What you write must match the records exactly, except for the images, which are left out.
○ ○ ○ ○ ○
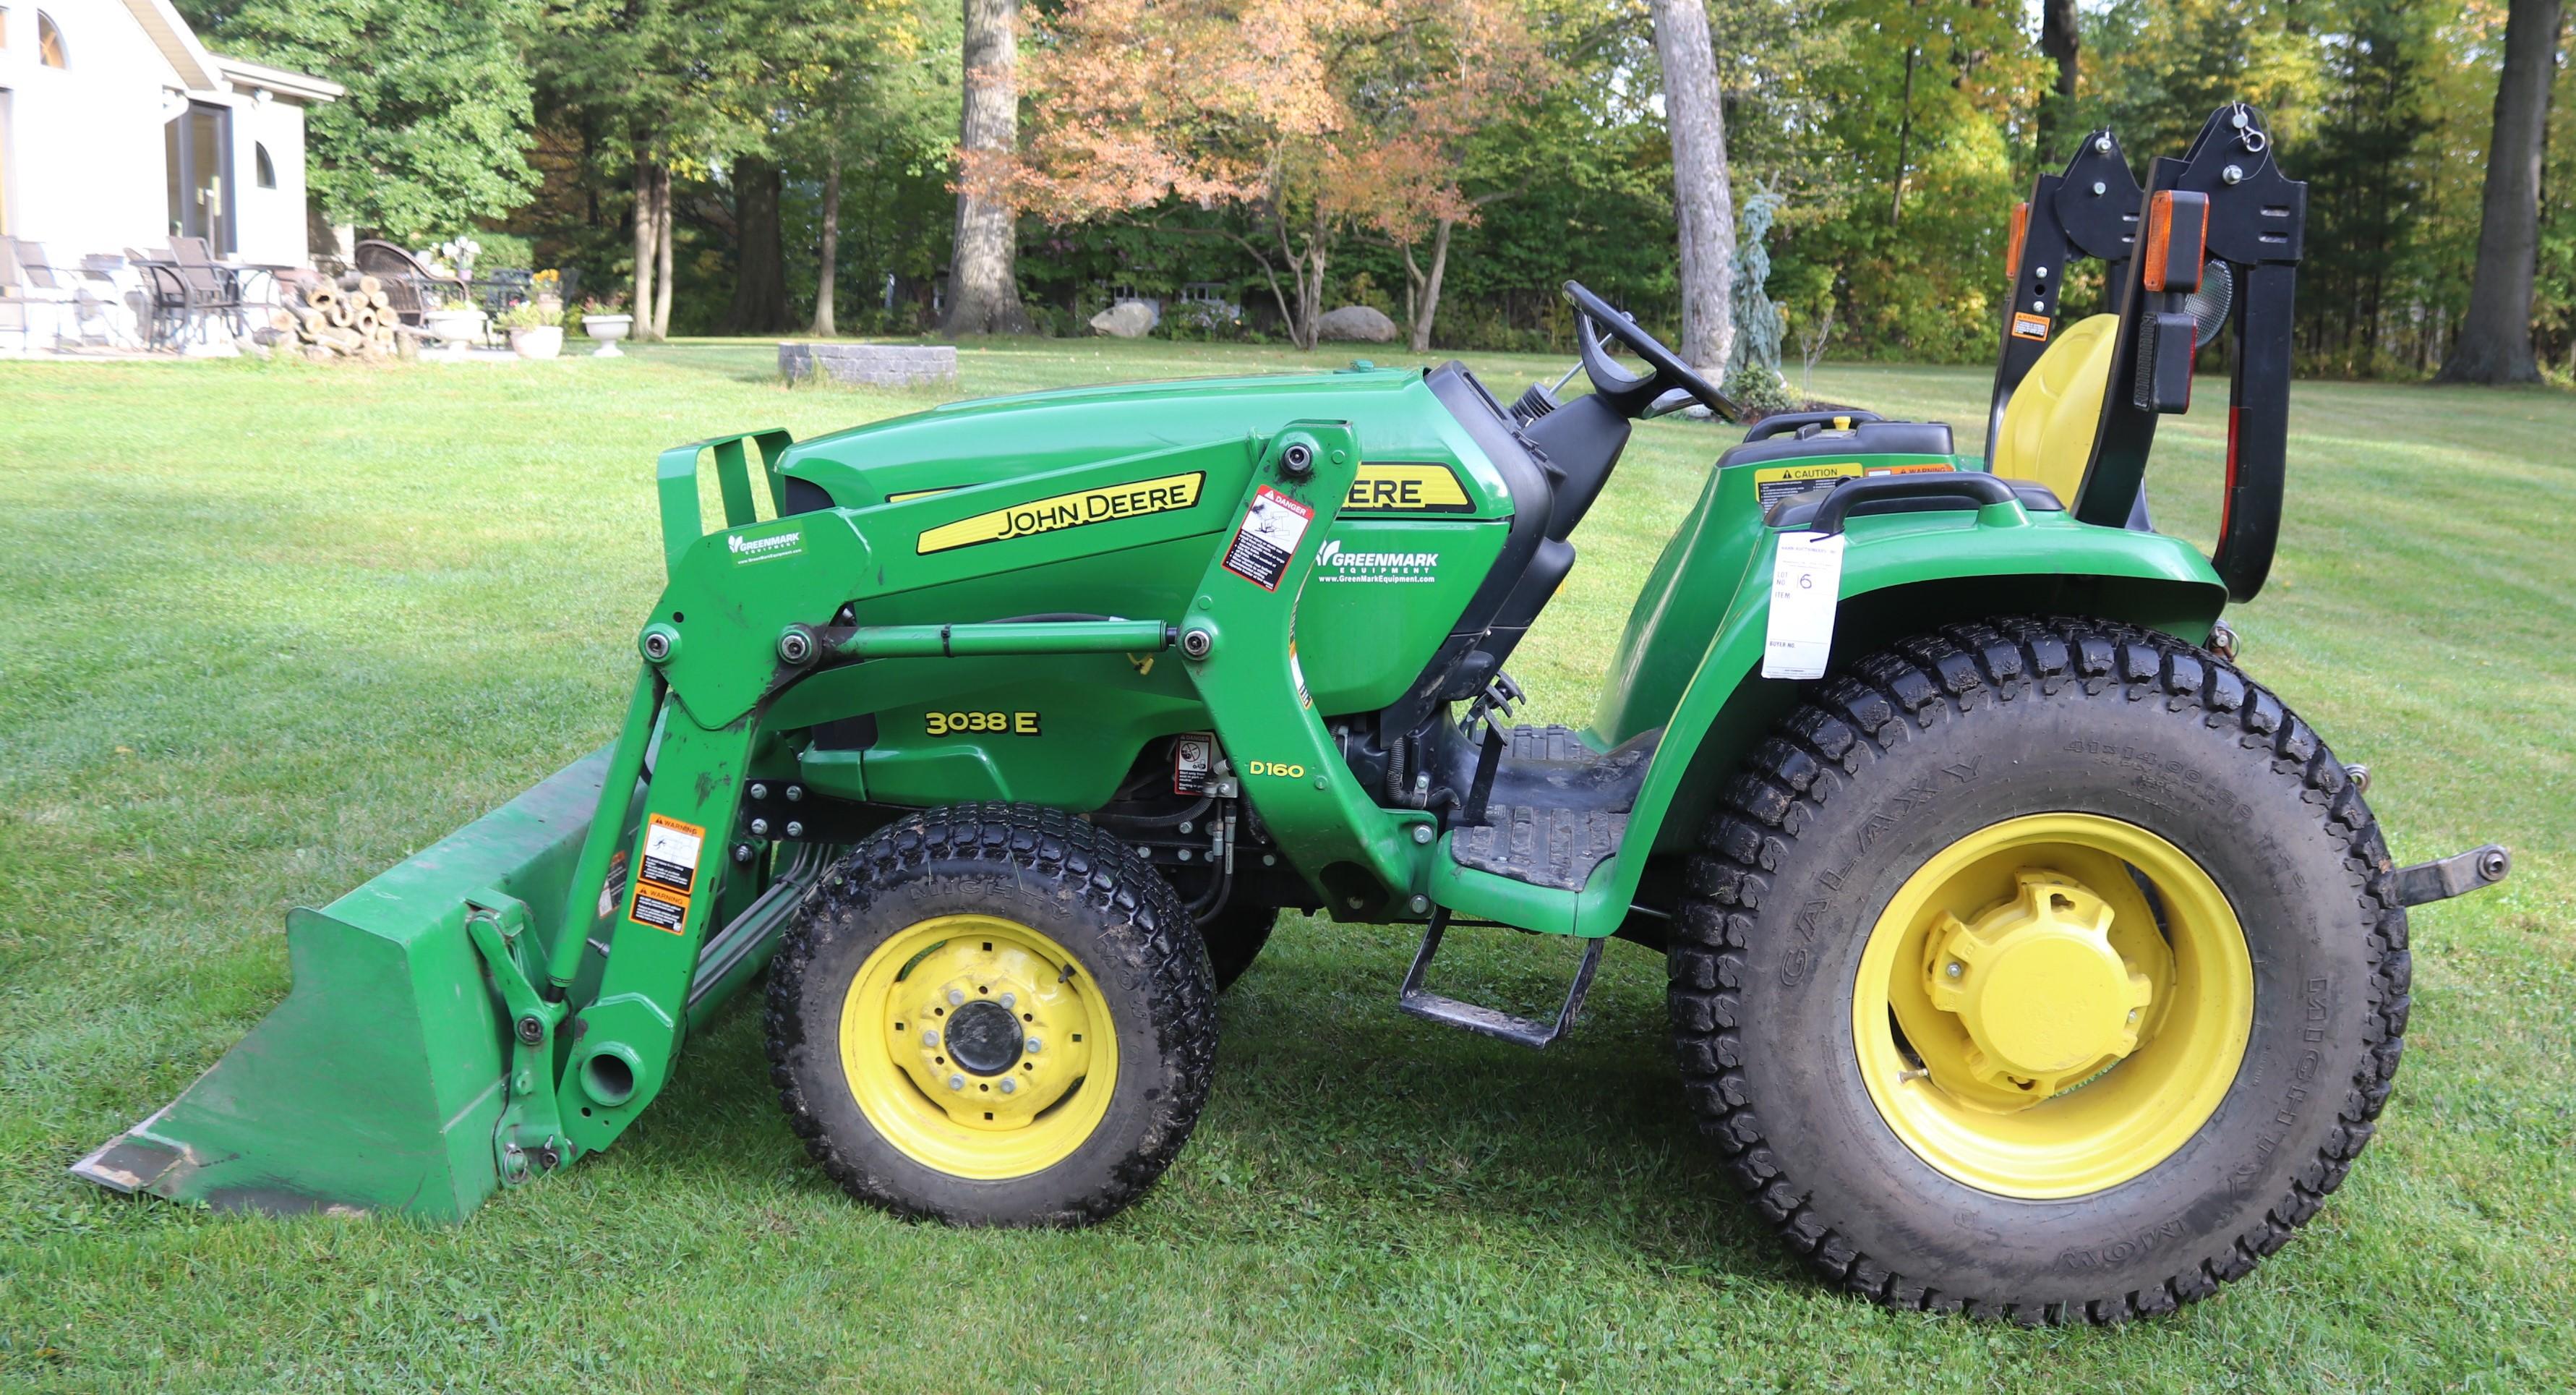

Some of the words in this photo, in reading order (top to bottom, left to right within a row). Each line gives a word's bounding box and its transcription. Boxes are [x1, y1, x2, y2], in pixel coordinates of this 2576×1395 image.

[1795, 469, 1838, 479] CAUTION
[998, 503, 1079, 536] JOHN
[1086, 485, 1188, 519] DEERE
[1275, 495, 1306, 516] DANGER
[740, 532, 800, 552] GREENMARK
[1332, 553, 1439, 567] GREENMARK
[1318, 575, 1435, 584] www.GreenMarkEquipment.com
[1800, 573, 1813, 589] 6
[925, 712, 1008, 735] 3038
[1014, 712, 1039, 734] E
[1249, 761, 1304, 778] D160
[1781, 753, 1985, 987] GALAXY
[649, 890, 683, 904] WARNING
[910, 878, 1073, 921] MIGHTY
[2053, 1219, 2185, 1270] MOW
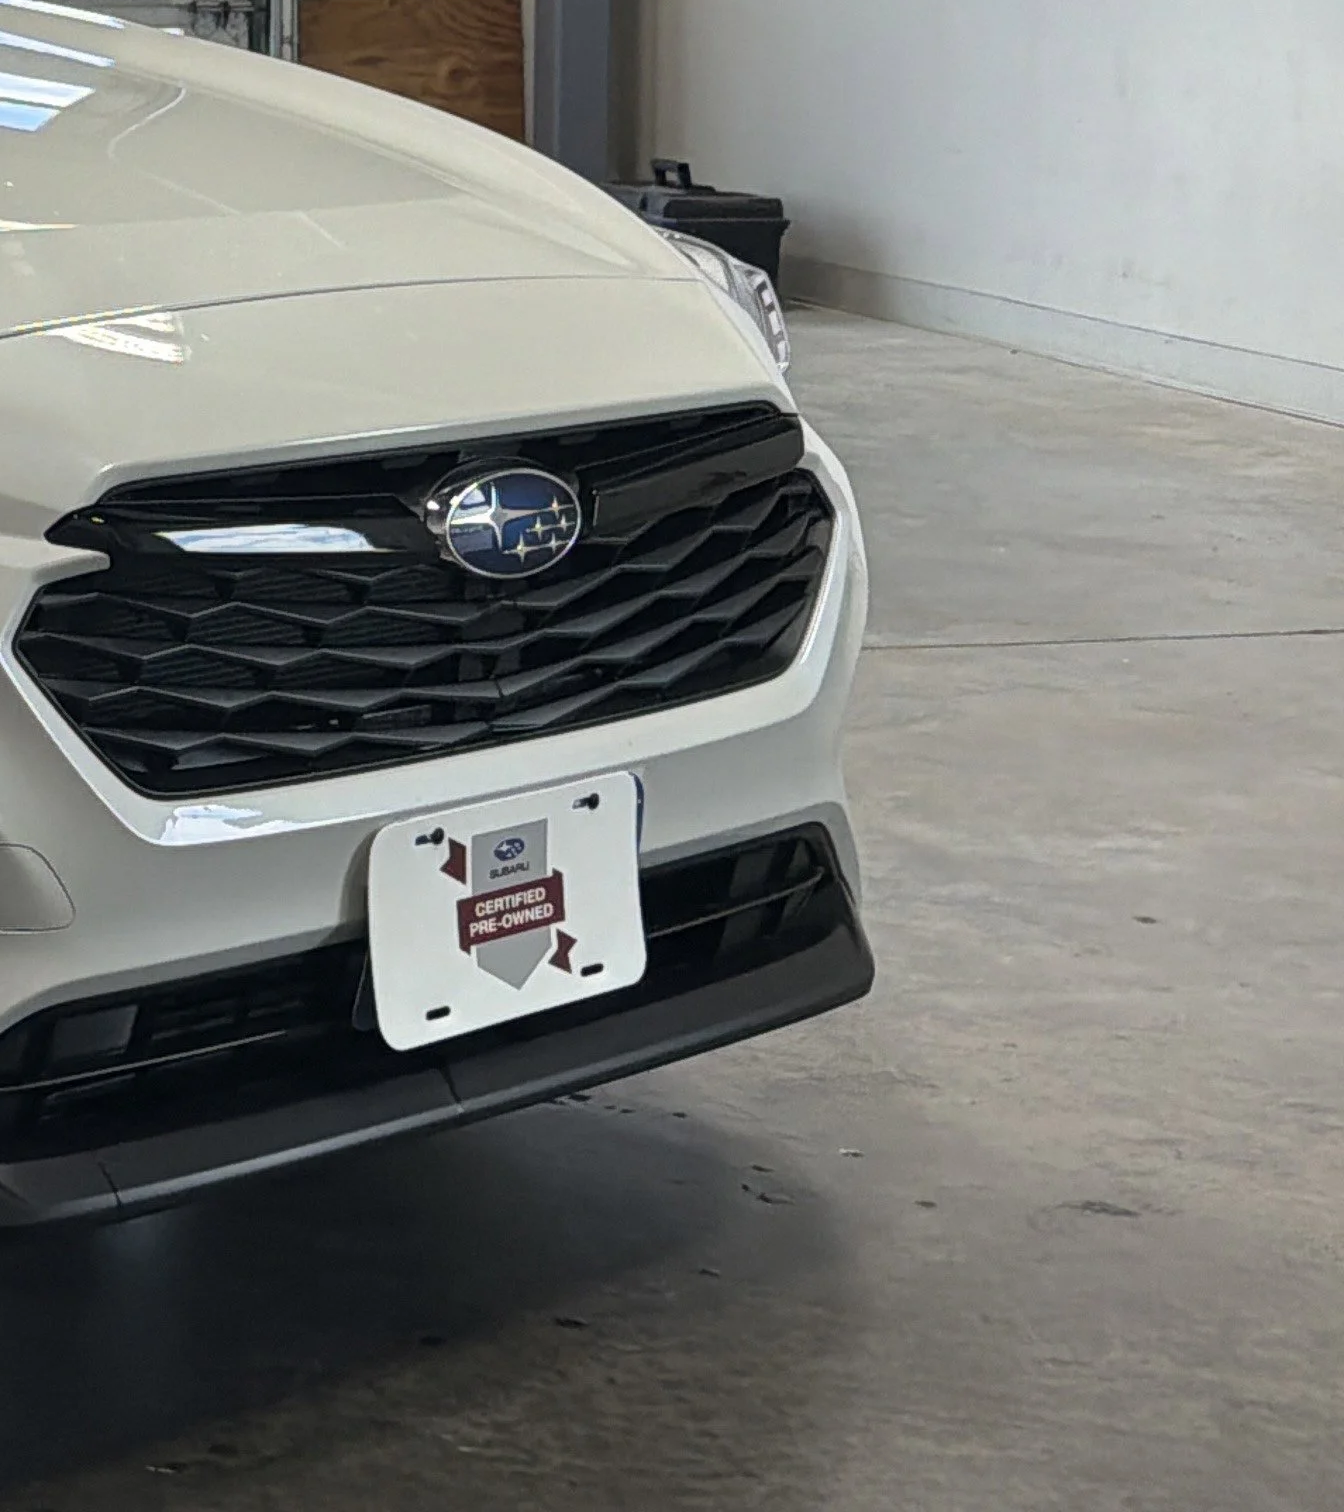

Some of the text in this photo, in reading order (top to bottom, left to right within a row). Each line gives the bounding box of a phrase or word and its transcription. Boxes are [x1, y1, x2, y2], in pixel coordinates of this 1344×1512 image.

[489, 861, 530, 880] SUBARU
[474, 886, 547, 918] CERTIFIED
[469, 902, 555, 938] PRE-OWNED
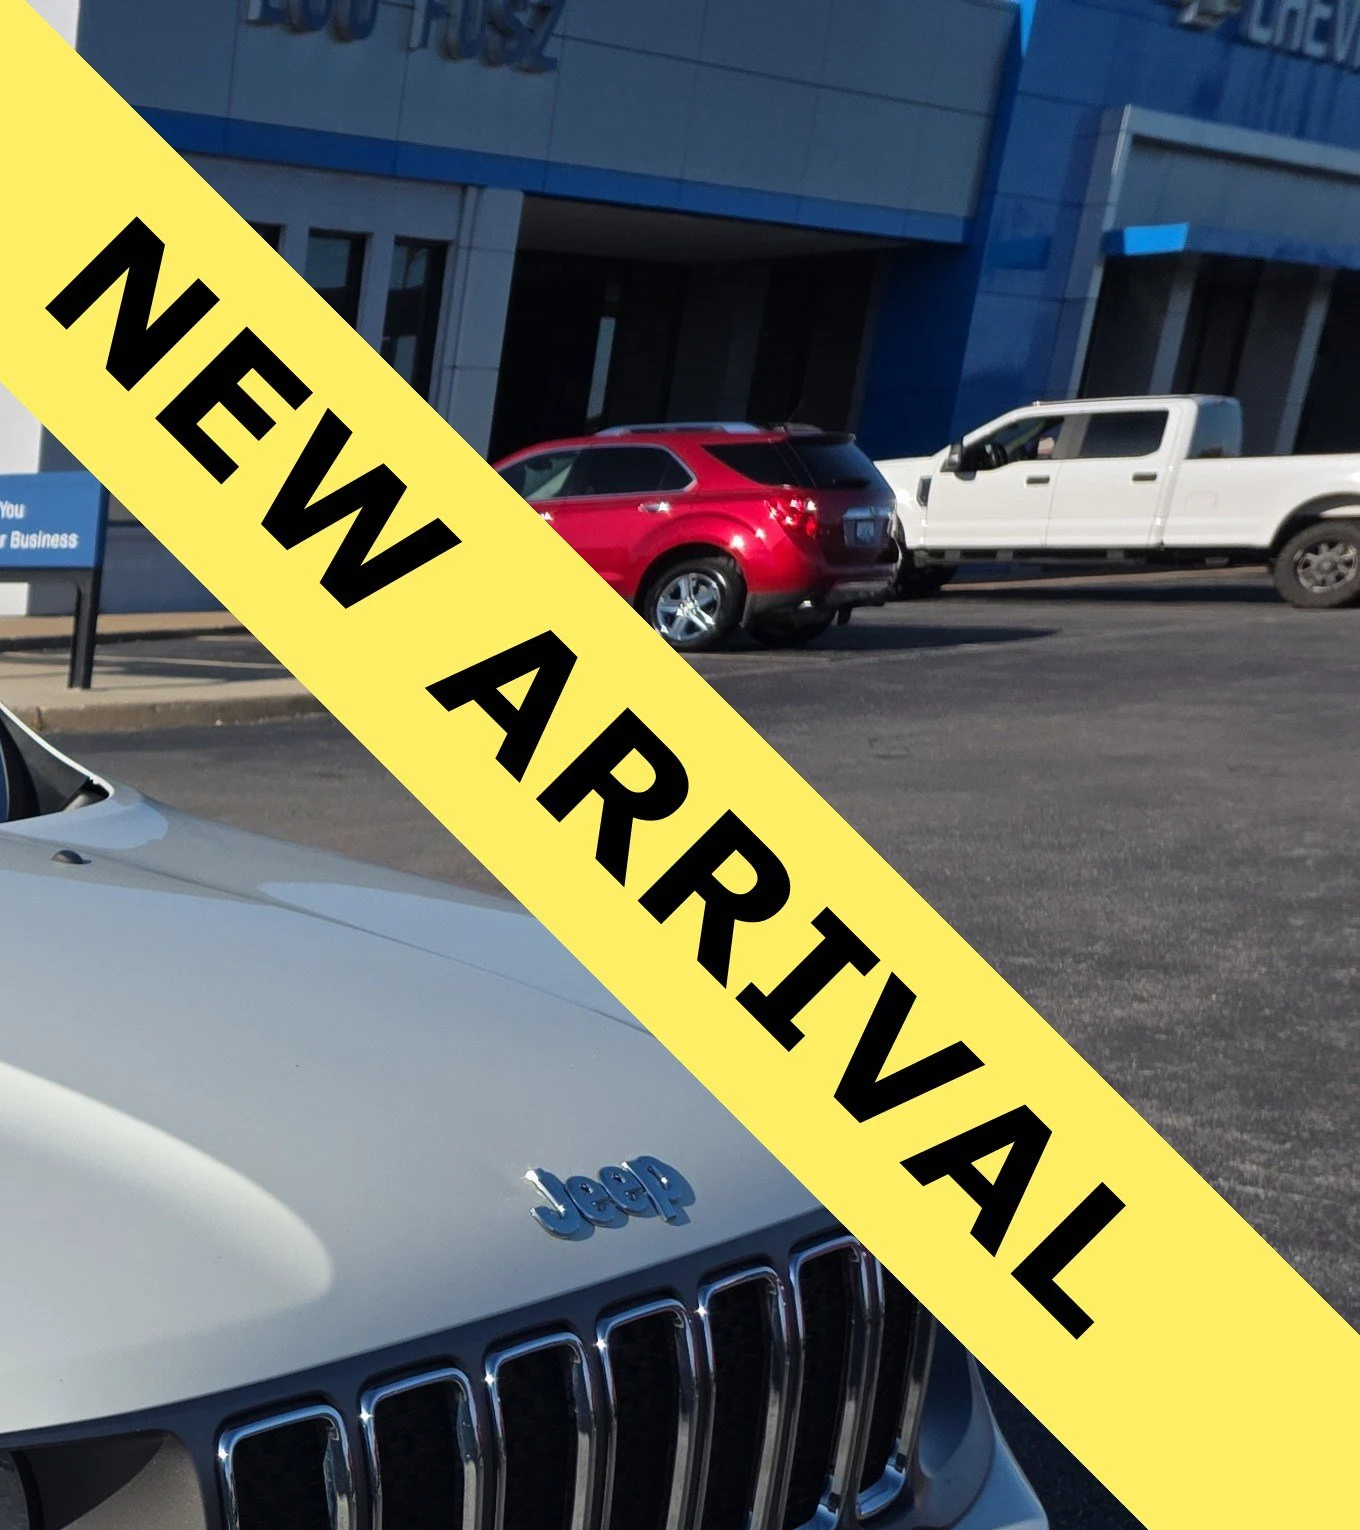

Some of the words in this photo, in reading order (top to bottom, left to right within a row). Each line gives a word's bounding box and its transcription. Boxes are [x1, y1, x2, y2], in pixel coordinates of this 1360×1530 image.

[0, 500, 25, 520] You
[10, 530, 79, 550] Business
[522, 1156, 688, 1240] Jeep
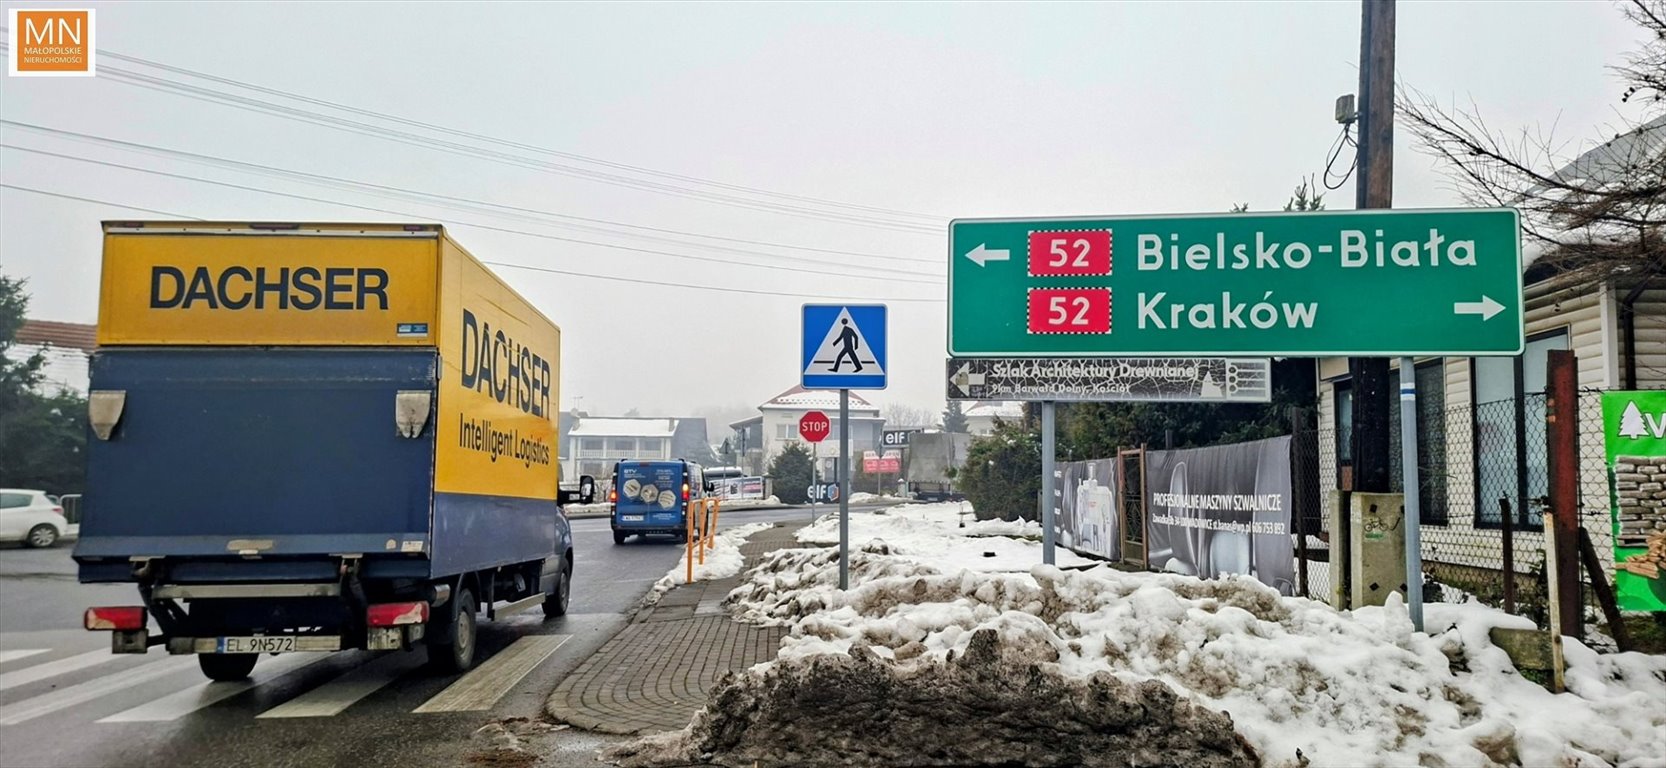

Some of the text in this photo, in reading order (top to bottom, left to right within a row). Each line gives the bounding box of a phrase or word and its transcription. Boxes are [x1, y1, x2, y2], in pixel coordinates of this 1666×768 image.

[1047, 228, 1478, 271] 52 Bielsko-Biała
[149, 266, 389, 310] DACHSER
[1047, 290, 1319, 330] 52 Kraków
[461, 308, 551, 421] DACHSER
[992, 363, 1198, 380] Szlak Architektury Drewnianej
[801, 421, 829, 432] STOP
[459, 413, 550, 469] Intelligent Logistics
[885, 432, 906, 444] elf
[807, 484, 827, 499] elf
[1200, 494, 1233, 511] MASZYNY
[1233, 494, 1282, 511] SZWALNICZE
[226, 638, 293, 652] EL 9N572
○ ○ ○ ○ ○
• RESULT BELOW
Some of the words in this photo, in reading order (top to bottom, left to right within a row). Each line gives a word's bounding box and its transcription. Boxes are [x1, y1, x2, y2], in pixel coordinates of this 2576×1395 image.

[1795, 469, 1838, 479] CAUTION
[998, 503, 1079, 536] JOHN
[1086, 485, 1188, 519] DEERE
[1275, 495, 1306, 516] DANGER
[740, 532, 800, 552] GREENMARK
[1332, 553, 1439, 567] GREENMARK
[1318, 575, 1435, 584] www.GreenMarkEquipment.com
[1800, 573, 1813, 589] 6
[925, 712, 1008, 735] 3038
[1014, 712, 1039, 734] E
[1249, 761, 1304, 778] D160
[1781, 753, 1985, 987] GALAXY
[649, 890, 683, 904] WARNING
[910, 878, 1073, 921] MIGHTY
[2053, 1219, 2185, 1270] MOW

Some of the text in this photo, in reading order (top to bottom, left to right within a row). Each line gives the bounding box of a phrase or word and its transcription. Boxes are [x1, y1, x2, y2], in pixel coordinates of this 1344×1512 image.

[489, 861, 530, 880] SUBARU
[474, 886, 547, 918] CERTIFIED
[469, 902, 555, 938] PRE-OWNED

Some of the words in this photo, in reading order (top to bottom, left to right within a row). Each line gives a word's bounding box and its transcription. Boxes are [x1, y1, x2, y2], in pixel coordinates of this 1360×1530 image.

[0, 500, 25, 520] You
[10, 530, 79, 550] Business
[522, 1156, 688, 1240] Jeep

Some of the text in this photo, in reading order (top to bottom, left to right within a row). Each line gives the bounding box of a phrase or word and its transcription. Boxes are [x1, y1, x2, y2], in pixel coordinates of this 1666×768 image.

[1047, 228, 1478, 271] 52 Bielsko-Biała
[149, 266, 389, 310] DACHSER
[1047, 290, 1319, 330] 52 Kraków
[461, 308, 551, 421] DACHSER
[992, 363, 1198, 380] Szlak Architektury Drewnianej
[801, 421, 829, 432] STOP
[459, 413, 550, 469] Intelligent Logistics
[885, 432, 906, 444] elf
[807, 484, 827, 499] elf
[1200, 494, 1233, 511] MASZYNY
[1233, 494, 1282, 511] SZWALNICZE
[226, 638, 293, 652] EL 9N572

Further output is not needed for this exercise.